The six-hour ordeal was a success, and the climber, Ravichandran Tharumalingam of Malaysia, was flown by helicopter from Camp 3 to a hospital in Kathmandu, Nepal, before traveling home.

The rescue was a bright spot in an especially deadly year on Everest.

Alan Arnette, a mountaineer who covers Everest climbing, wrote on his website last week that 13 people died on the mountain during the spring climbing season, which ran from April to late May, and four were still missing. The most climbers to die on Everest in one season came in 2014, when 16 Sherpas were killed in an ice avalanche. Four days later, many Sherpas said they would not work for the rest of the climbing season in protest of exploitative working conditions.

These working conditions, which include a flimsy social safety net, perilous work and low pay compared to the tens of thousands of dollars their foreign clients spend to climb, in part fueled online criticism of the rescued climber.

A Twitter thread on Sunday called attention to Mr. Ravichandran’s social media accounts, which celebrated his Everest summit with little or no mention of the mountain guides who saved his life, and noted that he had blocked Mr. Sherpa, his rescuer, on Instagram. Mr. Ravichandran’s social media accounts were soon flooded with negative comments.

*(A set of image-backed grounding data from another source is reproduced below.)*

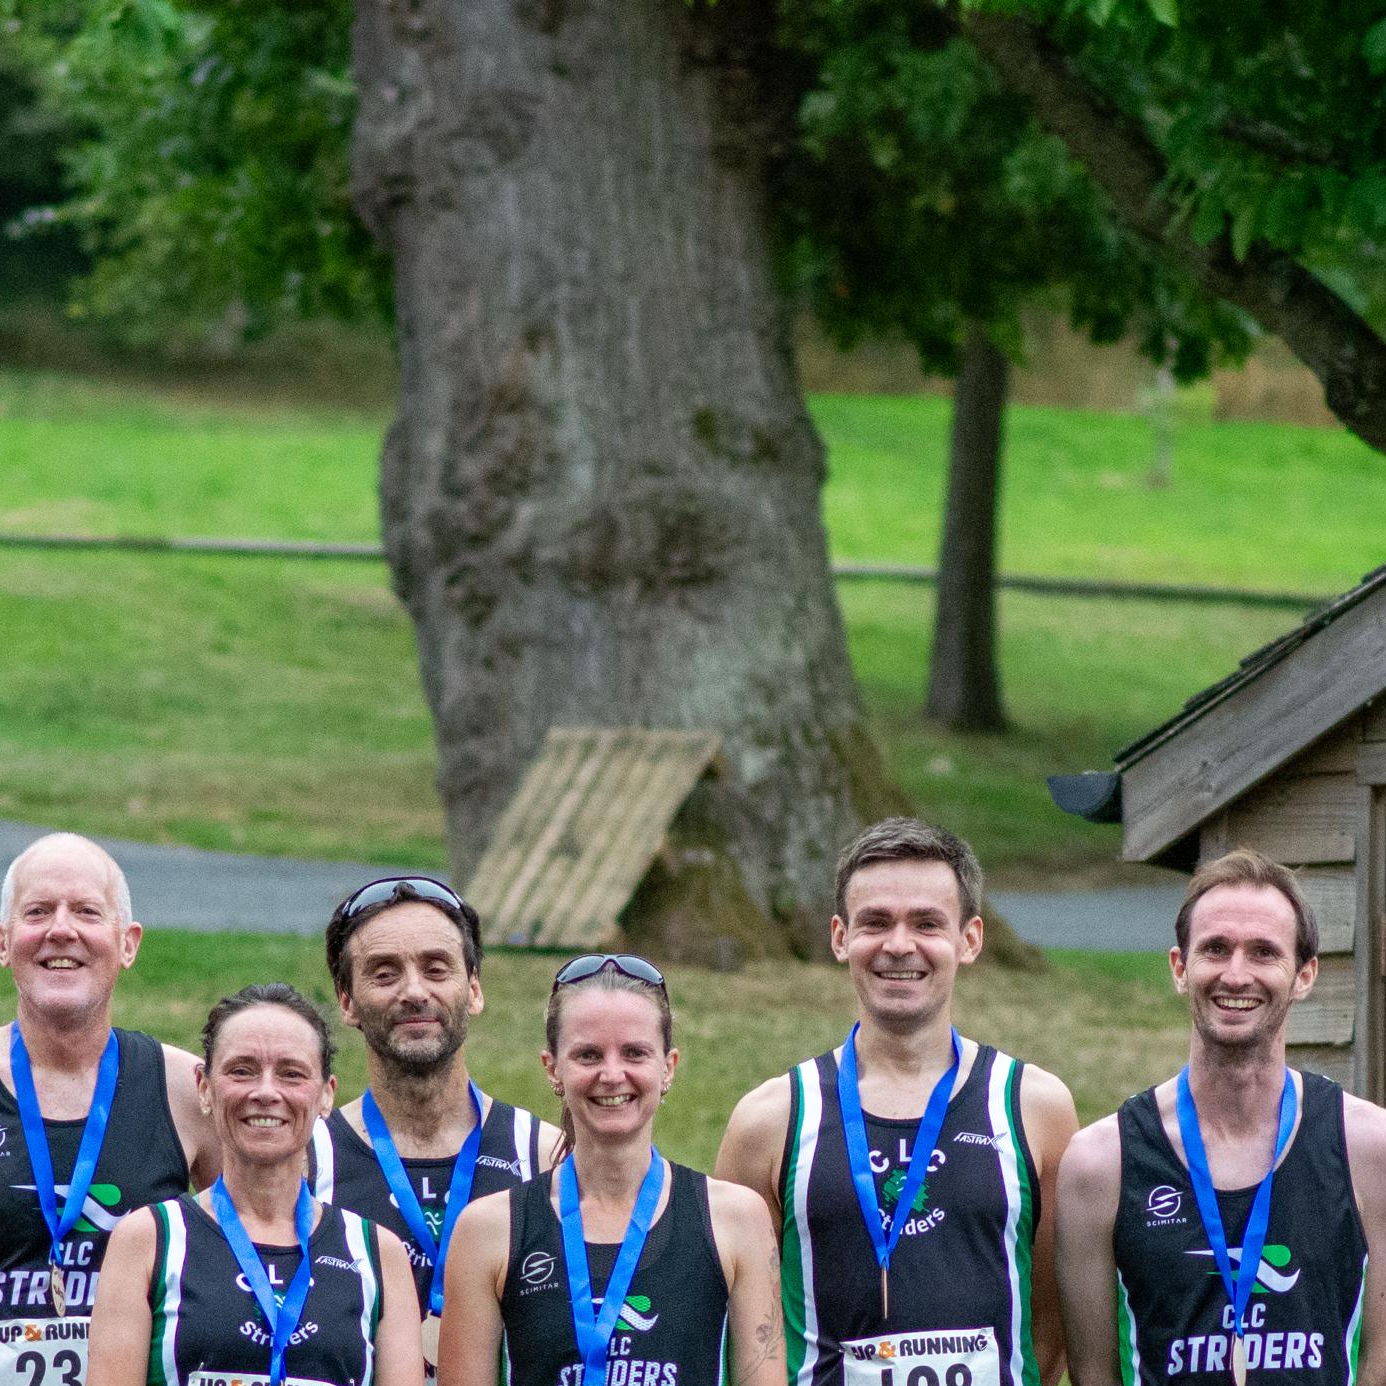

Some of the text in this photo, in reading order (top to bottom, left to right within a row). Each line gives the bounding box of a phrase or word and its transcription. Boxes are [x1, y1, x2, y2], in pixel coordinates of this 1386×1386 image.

[49, 1241, 93, 1266] LC
[236, 1264, 314, 1292] CL
[24, 1324, 42, 1342] &
[240, 1321, 318, 1347] Striers
[607, 1336, 632, 1356] LC
[851, 1334, 988, 1360] UP & RUNNING
[1167, 1332, 1324, 1376] STRDERS

Mr. Sherpa confirmed that Mr. Ravichandran had blocked him, but he said that the climber had since unblocked him. Since the backlash began, Mr. Ravichandran has posted several times on social media about the guides who rescued him, naming each of them in several posts. On Monday, he wrote on Instagram that Sherpas “never leave you behind.”

Gelje Sherpa said the rescue of a stricken climber from Mount Everest last month was the most challenging of his time as a guide in the Himalayas.Credit…Prakash Mathema/Agence France-Presse — Getty Images

In response to an emailed interview request, Mr. Ravichandran sent a link to an Instagram video shared by Tashi Lakpa Sherpa, the leader of his Everest expedition and the founder of 14 Peaks Expedition and Seven Summit Treks. In the video, which Tashi Lakpa Sherpa posted on Tuesday, he says that Mr. Ravichandran had called him from the hospital in Nepal and thanked him.

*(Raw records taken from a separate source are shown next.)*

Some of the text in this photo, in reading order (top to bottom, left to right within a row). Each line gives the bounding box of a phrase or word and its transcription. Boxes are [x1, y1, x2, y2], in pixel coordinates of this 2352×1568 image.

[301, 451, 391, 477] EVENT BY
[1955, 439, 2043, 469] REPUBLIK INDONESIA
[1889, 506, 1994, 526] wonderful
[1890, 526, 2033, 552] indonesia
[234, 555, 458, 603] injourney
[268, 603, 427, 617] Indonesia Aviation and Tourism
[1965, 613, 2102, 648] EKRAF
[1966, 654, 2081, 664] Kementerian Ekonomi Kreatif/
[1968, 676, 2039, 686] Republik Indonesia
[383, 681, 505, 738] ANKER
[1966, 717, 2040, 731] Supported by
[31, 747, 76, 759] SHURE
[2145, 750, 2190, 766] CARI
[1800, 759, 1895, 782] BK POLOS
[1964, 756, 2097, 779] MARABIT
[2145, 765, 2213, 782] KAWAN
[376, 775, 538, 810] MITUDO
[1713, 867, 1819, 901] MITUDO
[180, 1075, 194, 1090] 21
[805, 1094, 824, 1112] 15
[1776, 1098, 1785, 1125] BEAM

“Ravi has managed Sherpa bonus payment for the rescue person involved and he paid all the expenditure of the oxygen used in the operation,” Tashi Lakpa Sherpa said in an email on Wednesday. “After his recovery, he was very thankful to our company and all the Sherpa who were involved in the rescue mission.”

He said that, in addition to Gelje Sherpa and Ngima Tashi Sherpa, four other guides from his companies helped with the rescue: Ming Tenjing Sherpa, Nima Dorchi Sherpa, Dipen Bhote and Dawa Sherpa.

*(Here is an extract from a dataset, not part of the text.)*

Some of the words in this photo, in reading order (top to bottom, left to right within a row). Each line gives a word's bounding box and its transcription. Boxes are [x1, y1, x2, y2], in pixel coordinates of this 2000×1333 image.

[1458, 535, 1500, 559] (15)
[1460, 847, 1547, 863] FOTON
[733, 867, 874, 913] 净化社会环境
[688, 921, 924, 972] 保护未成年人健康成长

Some mountaineers have asked why Mr. Ravichandran was found on his own on the Balcony, a small flat spot near the summit.

Tashi Lakpa Sherpa said that two guides had been assigned to assist Mr. Ravichandran, who he said had reached the summit late on May 17 because of “physical weakness.” The descent was difficult and one of his guides went to Camp 4 to get help, he said. The other guide descended a few meters to use his walkie-talkie to speak with base camp and the expedition leader.

“I immediately coordinated with my team working above the camp to rescue Mr. Ravi,” Tashi Lakpa Sherpa wrote.

Gelje Sherpa had been assisting other climbers who wanted to get to the summit, but persuaded them to abandon their attempt so he could save Mr. Ravichandran.

The dramatic rescue was yet another achievement in the climbing career of Gelje Sherpa, who in 2021 became the youngest person to summit K2, the world’s second-highest mountain, in the winter. This week, he traveled from Nepal to Alaska to climb Denali as part of a delegation to commemorate the 60th anniversary of Jim Whittaker’s becoming the first American to summit Mount Everest.

Gelje Sherpa is from the Solukhumbu region of the Himalayas. He said that he started working in the mountains, first as a porter, because he did not have a good education.

Like many other Sherpas, he hopes his two young children will find safer and more secure jobs.

“I don’t want to bring them to the mountains for guiding,” he said. “Maybe if they like to do climbing for the fun.”